The article and the accompanying video on MRT’s website invokes New York City’s “High Line” as well as the Greenway Trail in Whittier as examples of projects that successfully have converted unused railway to assets that benefit the surrounding communities. Here’s a Source post from earlier this year about the concept.
This item from the Source’s Steve Hymon:
Times, ABC 7 and Metro’s parking stores are wrong and misleading (Streetsblog L.A.)
Joe Linton responds to stories on parking — and the lack thereof — at some Metro transit stations (L.A. Times and ABC-7). Among his key points: 1) it’s often free parking that is in short supply at some stations stations while paid parking spaces may be available or could be available if managed better, and; 2) there may be other important reasons why people choose not to ride other than parking — such as frequency or quality of transit service.
Whether to include parking at transit stations is a tough piece of public policy, especially given that free parking is subsidized by Metro for better or worse (depending on your point of view). I’ve heard good arguments on all sides of this debate. I’ll offer the same disclosure that I did in yesterday’s headlines: the $2 I pay to sometimes park at the Gold Line’s Del Mar Station makes my transit trip to work a little quicker.
Lyft, Uber secure SFO deal (S.F. Examiner)
The deal means that the three most used app-based rideshare services (or “transportation network companies“) can now legally pick up and drop off passengers at San Francisco International Airport as part of a 90-day pilot program. Sidecar, another popular service, reached an agreement with the airport last week. The terms of the deal will allow the airport to limit the number of vehicles available at the airport at a given time. SFO is the first airport in California and the second in the U.S. to reach an agreement with app-based ride services.
Meanwhile in L.A., Los Angeles World Airports last spring asked for comments on a draft agreement for a potential pilot program to allow transportation network companies at LAX. There’s been little news out of either camp regarding progress on granting permits since then.
In June, the California Public Utilities Commission, which regulates the fledgling rideshare industry in California, issued cease-and-desist letters to a handful of companies specifically citing unauthorized airport operations.
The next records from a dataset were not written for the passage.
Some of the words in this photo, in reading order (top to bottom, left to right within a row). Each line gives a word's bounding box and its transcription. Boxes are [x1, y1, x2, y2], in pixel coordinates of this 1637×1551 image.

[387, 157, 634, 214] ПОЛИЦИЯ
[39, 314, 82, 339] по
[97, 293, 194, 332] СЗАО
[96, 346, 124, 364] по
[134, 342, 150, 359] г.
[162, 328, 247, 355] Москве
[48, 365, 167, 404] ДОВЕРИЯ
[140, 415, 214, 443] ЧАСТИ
Police at both LAX and SFO were reportedly cracking down on unlicensed drivers throughout the summer. But despite such a rough start, SFO and rideshare companies were still able to strike deals within a few months. So is it only a matter of time before similar agreements will be inked at LAX?
There were 6.1 million boardings on Sept. 23, the most since records started being kept in 1985. Officials say the subway was only averaging 3.6 million boardings a day 20 years ago and credit the growth to the New York MTA’s efforts to improve the system’s efficiency and capacity.
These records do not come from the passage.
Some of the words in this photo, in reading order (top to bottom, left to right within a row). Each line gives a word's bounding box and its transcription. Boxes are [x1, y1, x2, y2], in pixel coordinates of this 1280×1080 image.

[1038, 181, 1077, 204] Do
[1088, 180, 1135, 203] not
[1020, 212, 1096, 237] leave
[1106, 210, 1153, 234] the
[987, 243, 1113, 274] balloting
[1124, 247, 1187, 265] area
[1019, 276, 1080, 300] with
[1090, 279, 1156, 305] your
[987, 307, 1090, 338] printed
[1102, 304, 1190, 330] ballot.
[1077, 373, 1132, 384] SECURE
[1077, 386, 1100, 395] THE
Washington State traffic forecast finally recognizes reality (Sightline Daily)
The blog post by Clark Williams-Derry of the Sightline Institute cites a recently published forecast from Washington state that predicts traffic growth in the state will be modest and eventually decline. This trend is a striking change from the same orecast from last year which, like many other traffic growth forecasts across the country, indicated steady traffic growth. Williams-Derry calls the forecast a “refreshing change” because:
First, it reflects the growing empirical evidence of a long-term slowdown in the growth of vehicle travel, evident on major roads in Washington, for Washington State roads as a whole, for the US, and for much of the industrialized world.
Second, even if the forecast is wrong, assuming that traffic won’t grow much is the most fiscally prudent way to plan a transportation budget.
The article goes on to say a consequence of slowed traffic growth combined with unrealistically optimistic traffic forecasts (if more cars on the road is an optimistic prospect to anyone) is reduced revenue from gas tax and tolling, most of which the state of Washington is forced to use on debt repayment instead of much-needed infrastructure improvements.
It will be interesting to see if more agencies use the recent trend in declining traffic growth as a basis for predicting a long-term trend, especially considering per capita vehicle miles of travel in the U.S. declined for the 9th straight year in 2013. Even more interesting: whether funds will shift toward other ways of getting around.